## [WORK REQUEST]
Reproduce the records below in full and word for word, excluding pictures.

▼

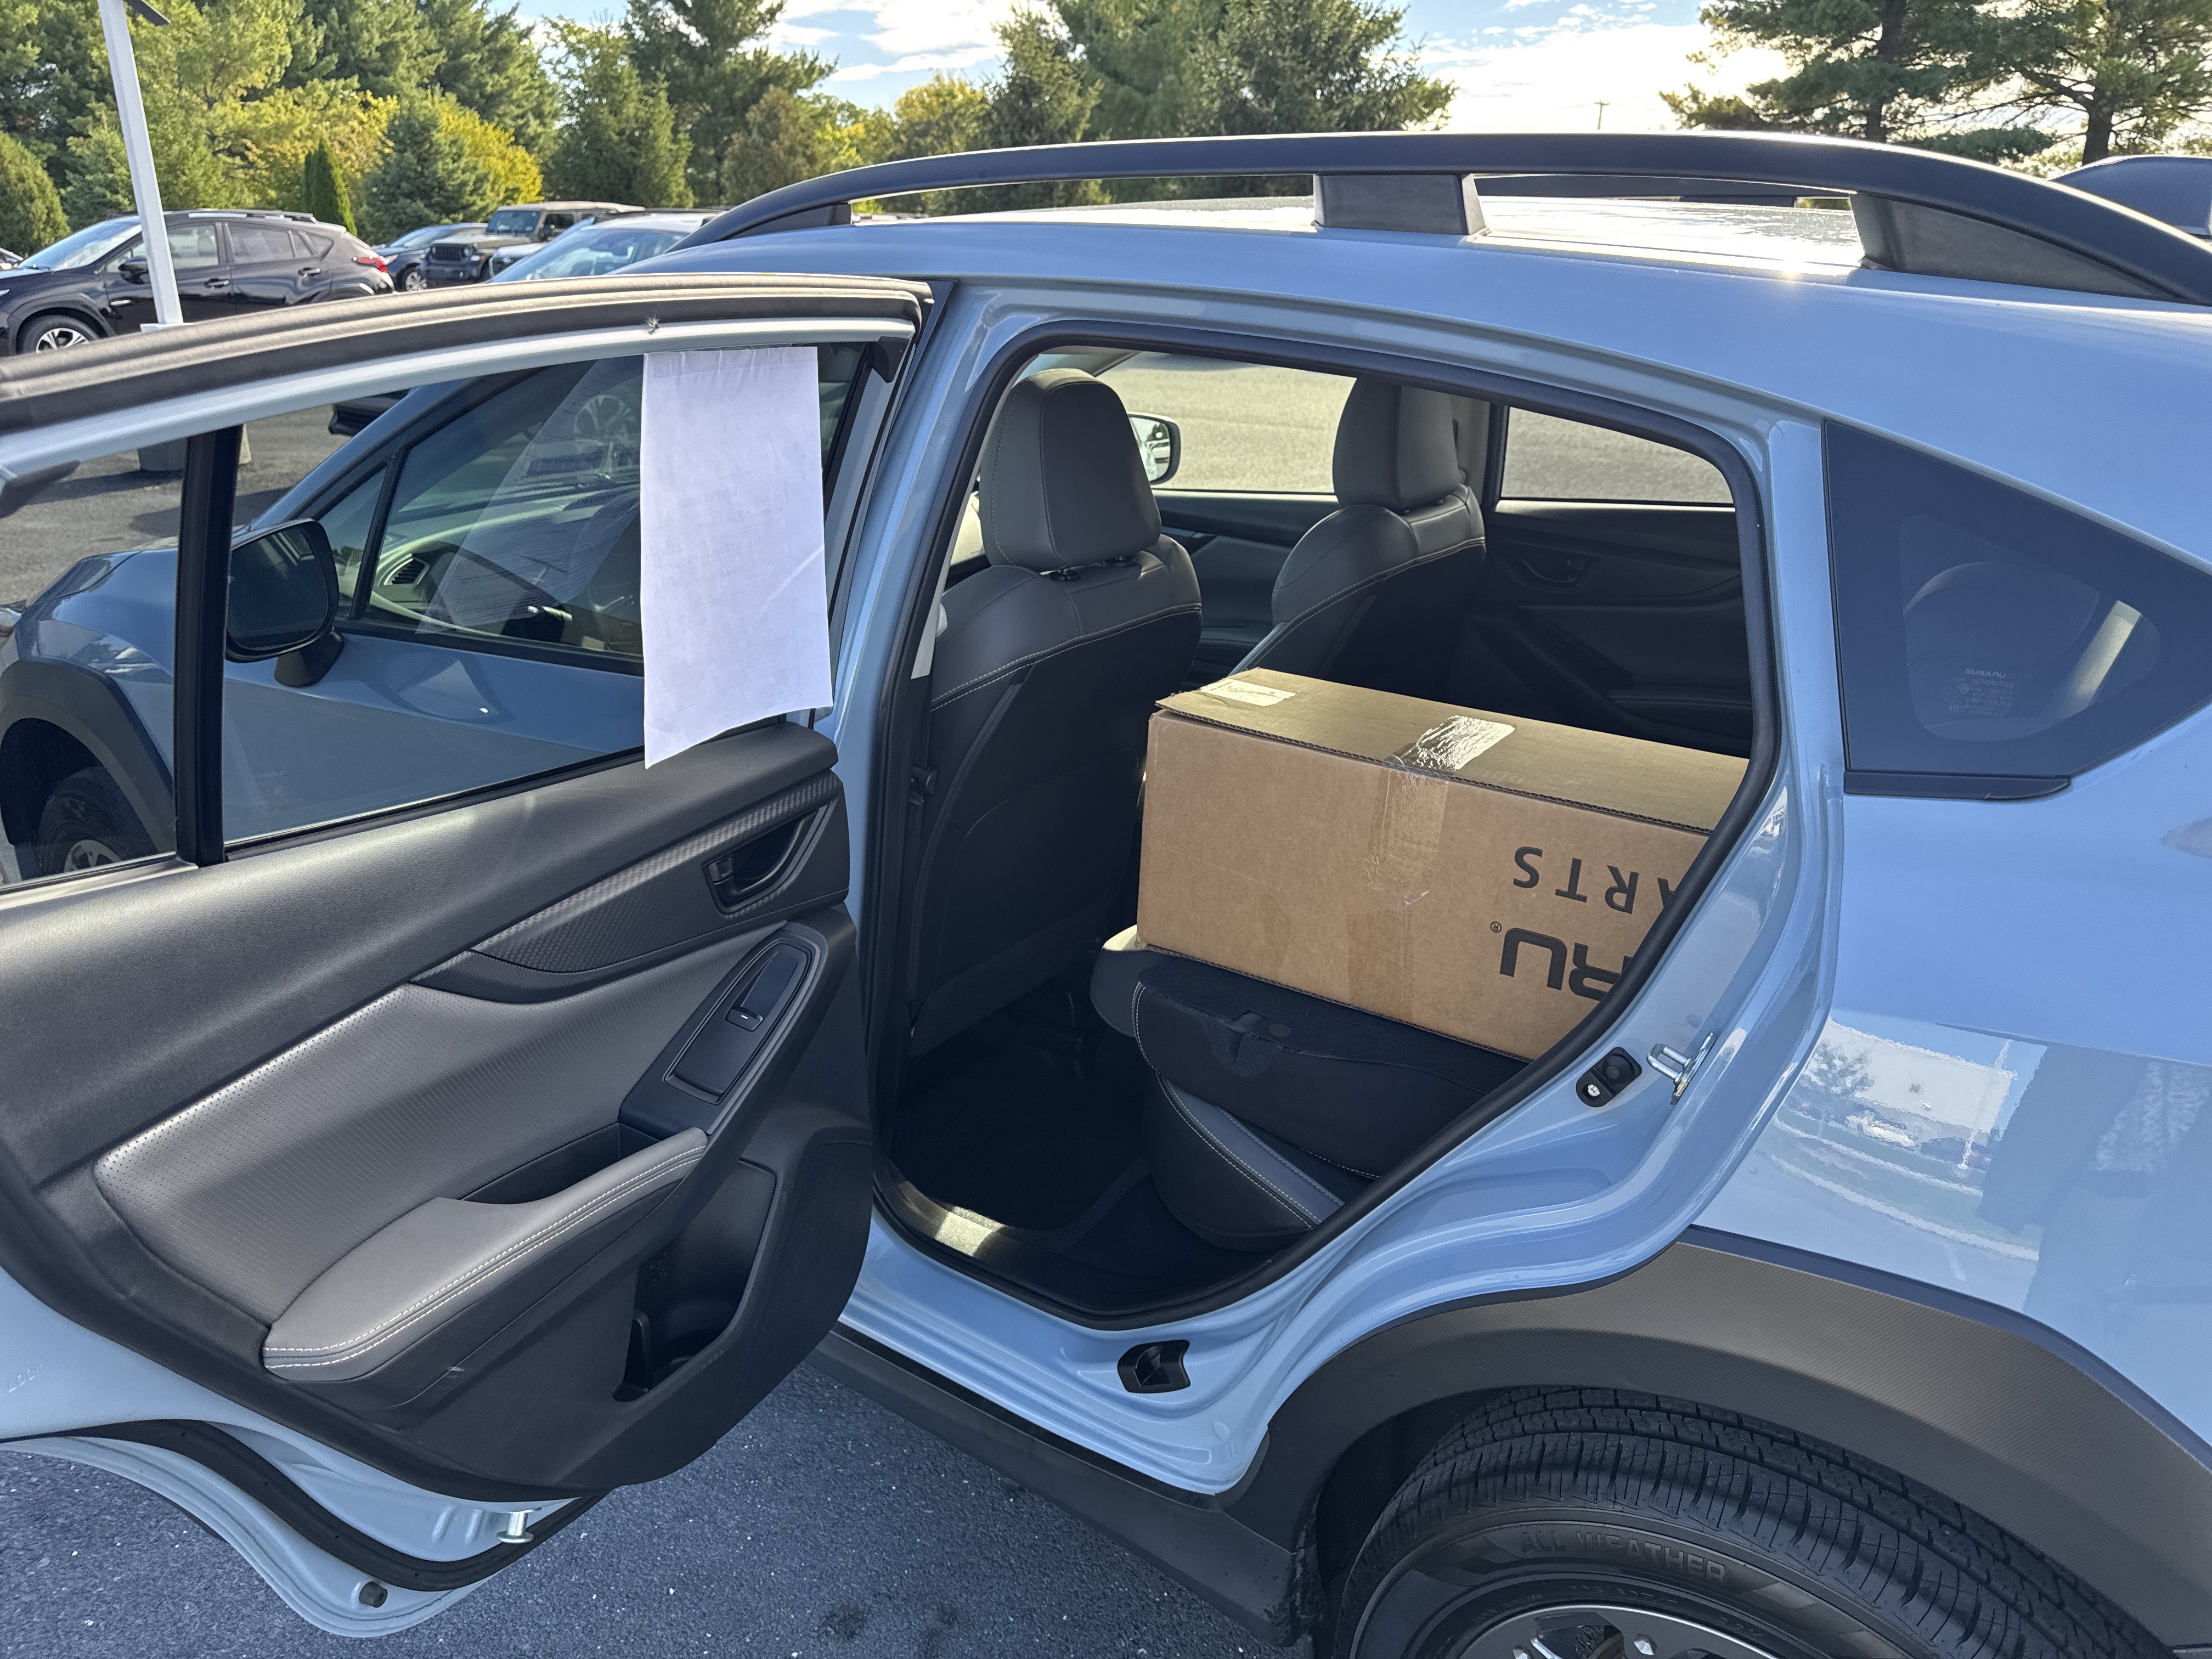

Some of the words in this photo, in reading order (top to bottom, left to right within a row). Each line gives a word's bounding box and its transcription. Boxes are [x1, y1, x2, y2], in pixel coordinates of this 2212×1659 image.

[1965, 668, 2006, 678] SUBARU
[1521, 1530, 1568, 1553] ALL
[1575, 1530, 1726, 1581] WEATHER
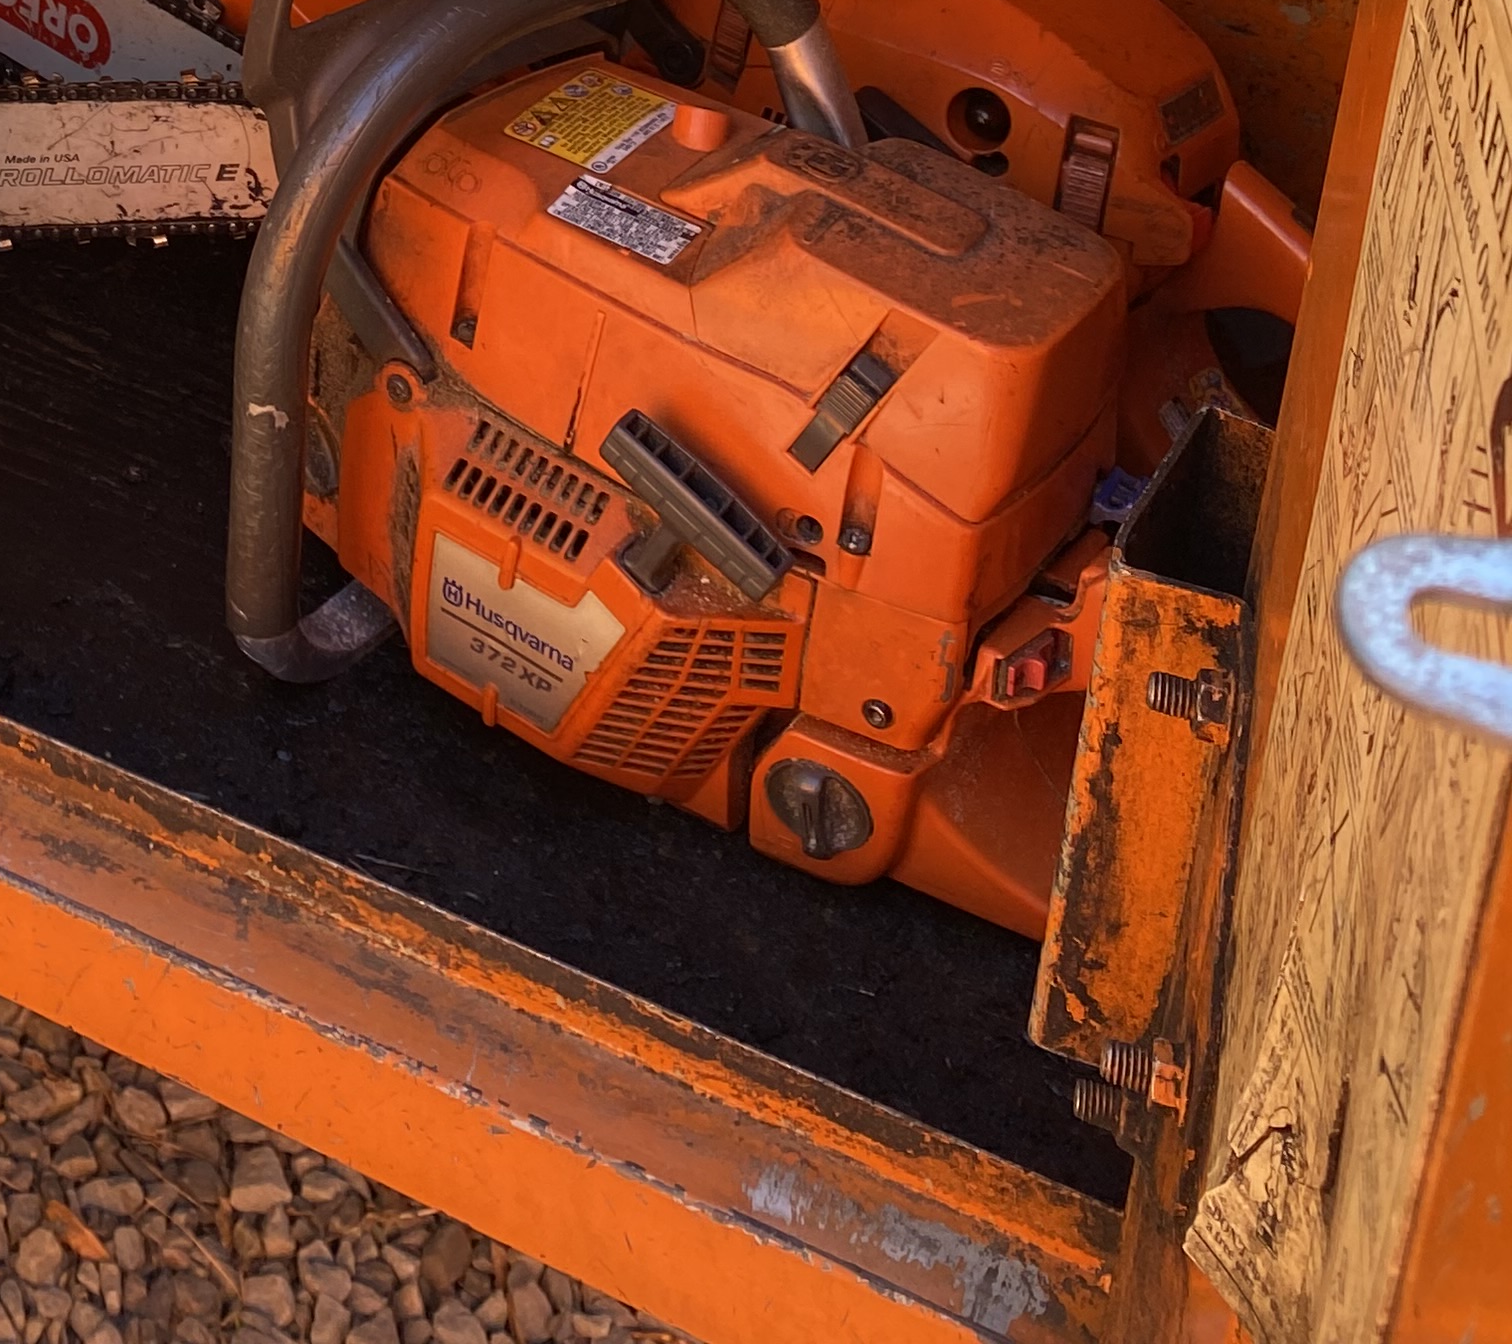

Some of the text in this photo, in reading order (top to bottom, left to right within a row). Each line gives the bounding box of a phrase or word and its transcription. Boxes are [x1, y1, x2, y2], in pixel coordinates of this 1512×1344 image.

[4, 152, 80, 165] Made in USA
[465, 592, 575, 673] Husqvarna
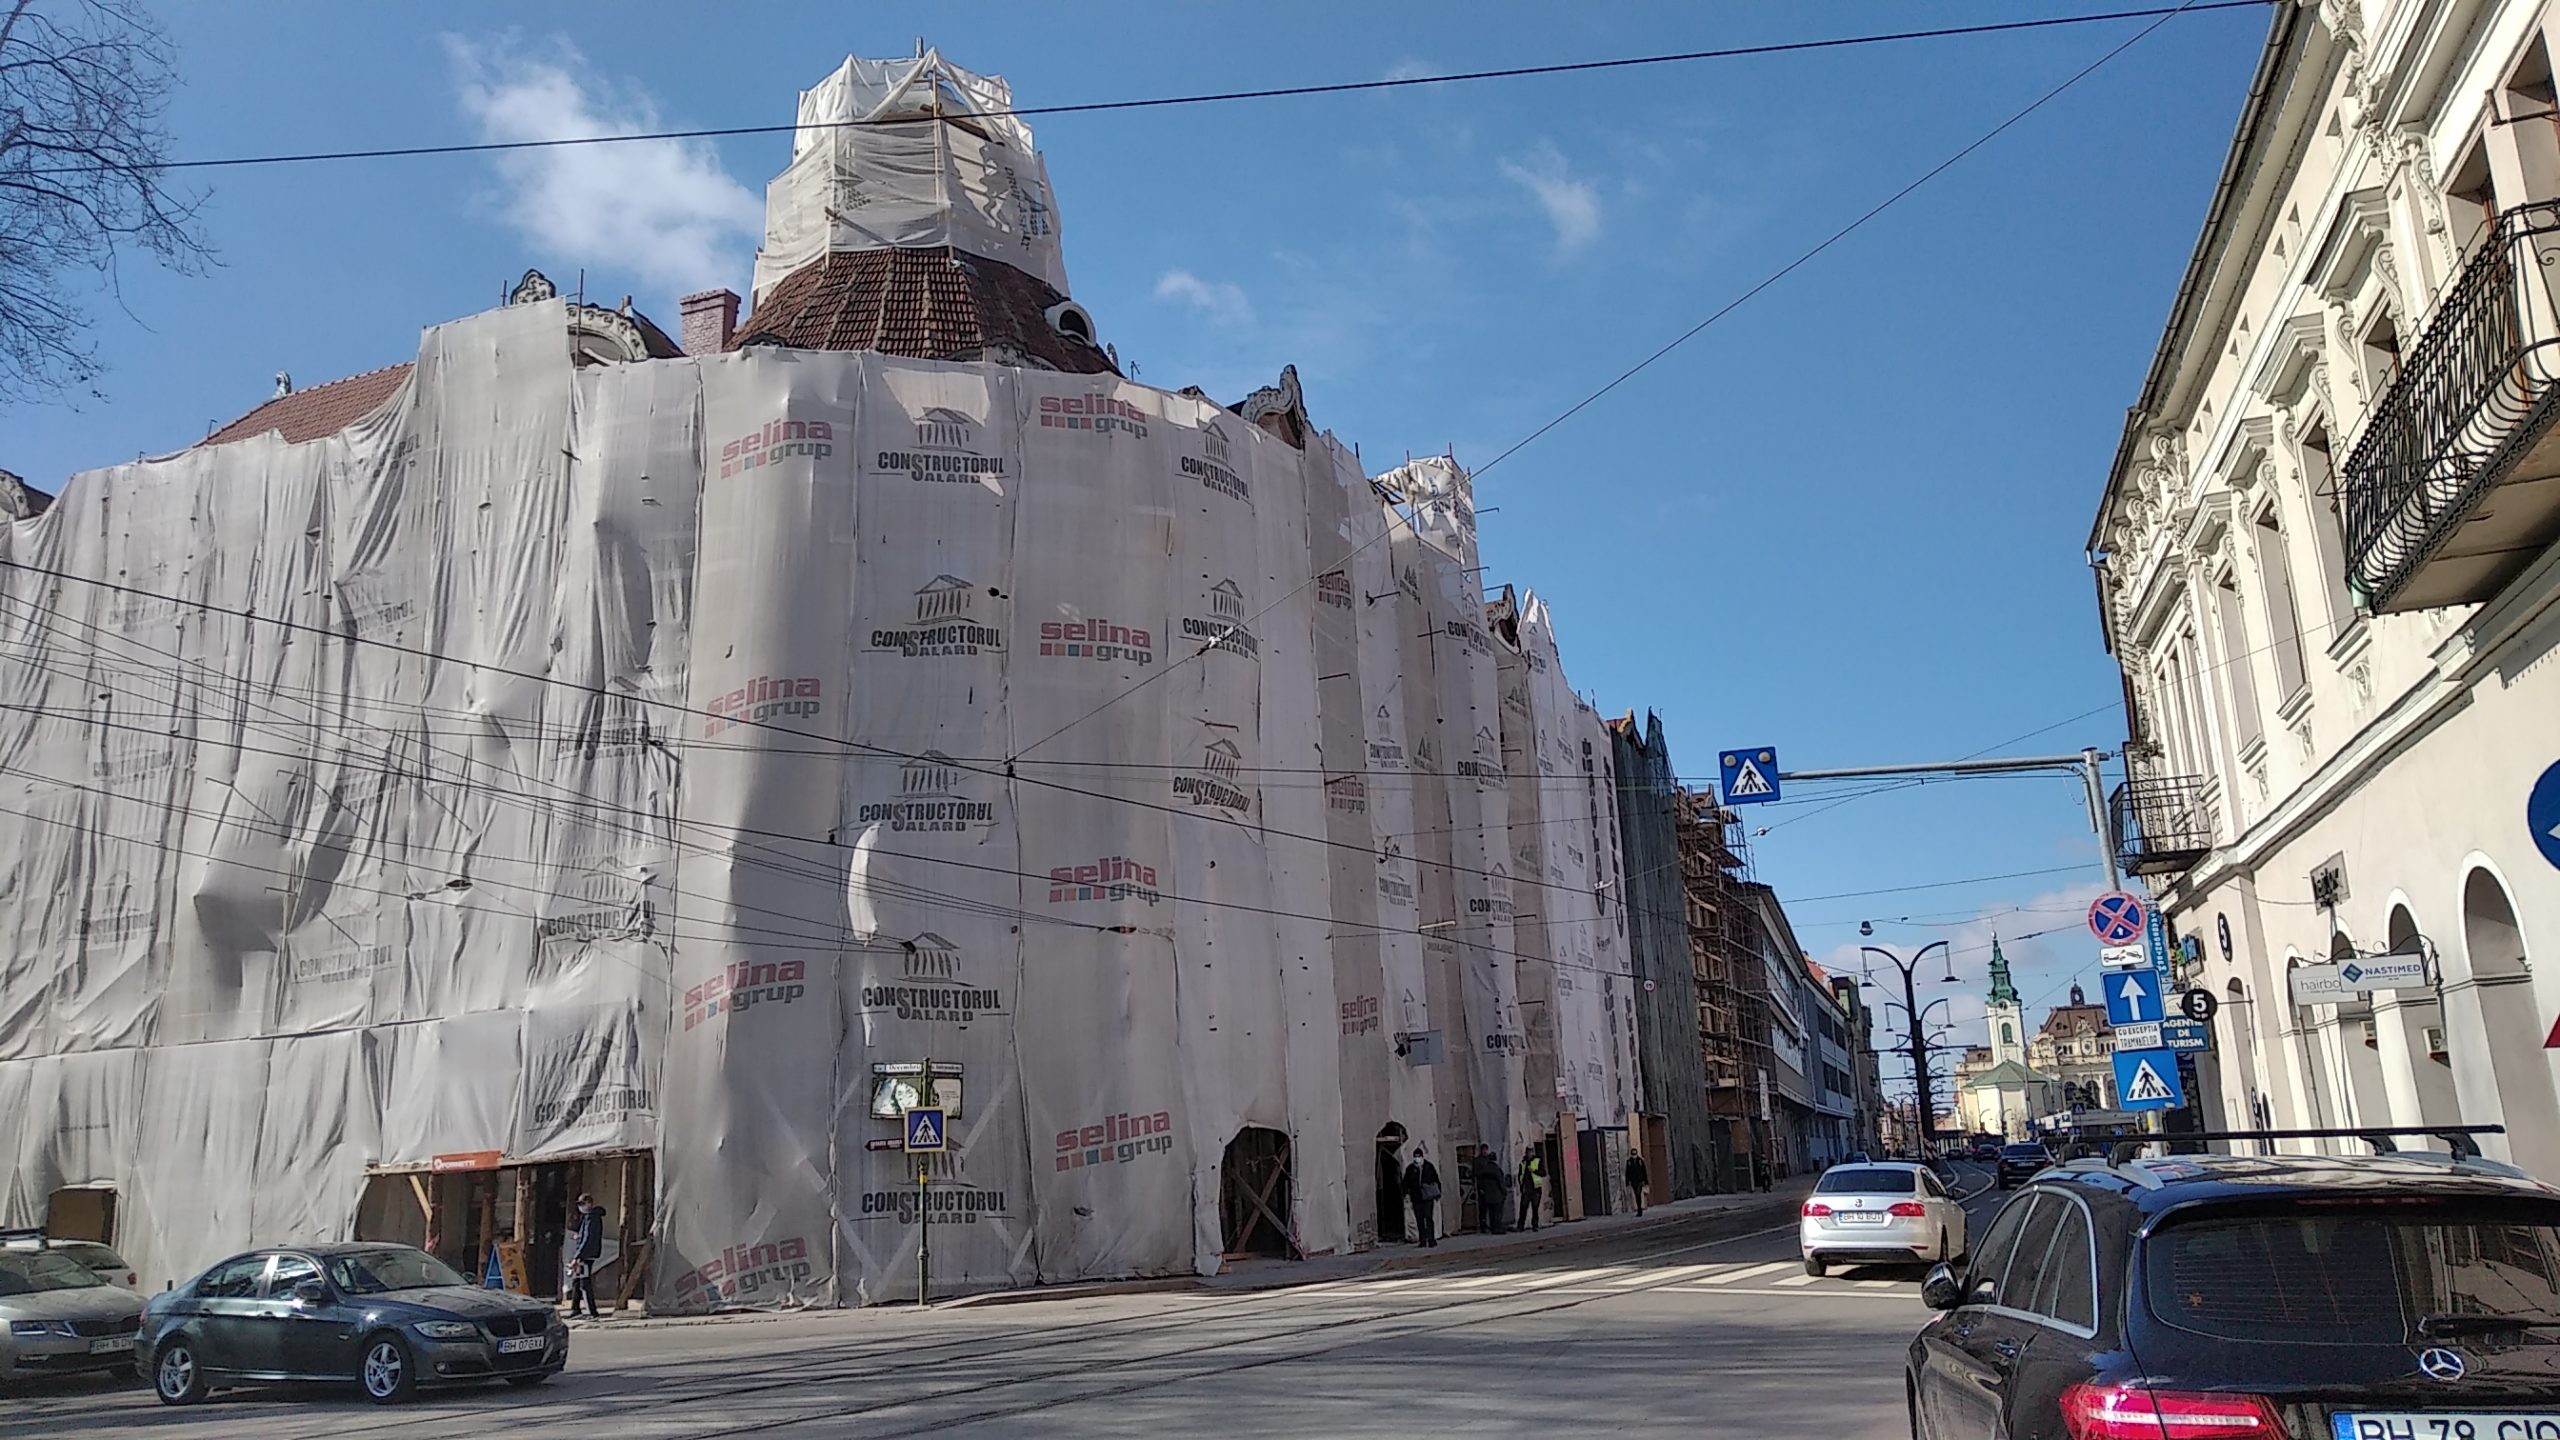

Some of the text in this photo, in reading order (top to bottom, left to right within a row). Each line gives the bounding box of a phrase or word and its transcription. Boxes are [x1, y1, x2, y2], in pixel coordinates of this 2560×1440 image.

[1040, 393, 1146, 424] selina
[721, 418, 833, 463] selina
[1095, 416, 1148, 440] grup
[769, 442, 832, 467] grup
[878, 451, 1004, 475] CONSTRUCTORUL
[1180, 455, 1250, 500] CONSTRUCTORUL
[870, 624, 1001, 648] CONSTRUCTORUL
[1040, 618, 1151, 649] selina
[1096, 644, 1153, 667] grup
[704, 676, 821, 719] selina
[753, 700, 820, 723] grup
[859, 801, 993, 824] CONSTRUCTORUL
[1050, 855, 1157, 887] selina
[1109, 882, 1160, 907] grup
[2364, 963, 2421, 976] NASTIMED
[684, 959, 806, 1010] selina
[732, 982, 805, 1013] grup
[861, 986, 1001, 1009] CONSTRUCTORUL
[2192, 993, 2207, 1012] 5
[2166, 1037, 2205, 1049] TURISM
[2177, 1028, 2191, 1038] DE
[1055, 1109, 1172, 1153] selina
[1117, 1133, 1173, 1164] grup
[861, 1190, 1007, 1214] CONSTRUCTORUL
[674, 1236, 808, 1299] selina
[738, 1261, 811, 1294] grup

▲

## [TASK ANSWER]
Some of the words in this photo, in reading order (top to bottom, left to right within a row). Each line gives a word's bounding box and its transcription. Boxes are [x1, y1, x2, y2], in pixel coordinates of this 2212×1659 image.

[1965, 668, 2006, 678] SUBARU
[1521, 1530, 1568, 1553] ALL
[1575, 1530, 1726, 1581] WEATHER

Some of the text in this photo, in reading order (top to bottom, left to right within a row). Each line gives the bounding box of a phrase or word and its transcription. Boxes are [x1, y1, x2, y2], in pixel coordinates of this 1512×1344 image.

[4, 152, 80, 165] Made in USA
[465, 592, 575, 673] Husqvarna

Some of the text in this photo, in reading order (top to bottom, left to right within a row). Each line gives the bounding box of a phrase or word and its transcription. Boxes are [x1, y1, x2, y2], in pixel coordinates of this 2560×1440 image.

[1040, 393, 1146, 424] selina
[721, 418, 833, 463] selina
[1095, 416, 1148, 440] grup
[769, 442, 832, 467] grup
[878, 451, 1004, 475] CONSTRUCTORUL
[1180, 455, 1250, 500] CONSTRUCTORUL
[870, 624, 1001, 648] CONSTRUCTORUL
[1040, 618, 1151, 649] selina
[1096, 644, 1153, 667] grup
[704, 676, 821, 719] selina
[753, 700, 820, 723] grup
[859, 801, 993, 824] CONSTRUCTORUL
[1050, 855, 1157, 887] selina
[1109, 882, 1160, 907] grup
[2364, 963, 2421, 976] NASTIMED
[684, 959, 806, 1010] selina
[732, 982, 805, 1013] grup
[861, 986, 1001, 1009] CONSTRUCTORUL
[2192, 993, 2207, 1012] 5
[2166, 1037, 2205, 1049] TURISM
[2177, 1028, 2191, 1038] DE
[1055, 1109, 1172, 1153] selina
[1117, 1133, 1173, 1164] grup
[861, 1190, 1007, 1214] CONSTRUCTORUL
[674, 1236, 808, 1299] selina
[738, 1261, 811, 1294] grup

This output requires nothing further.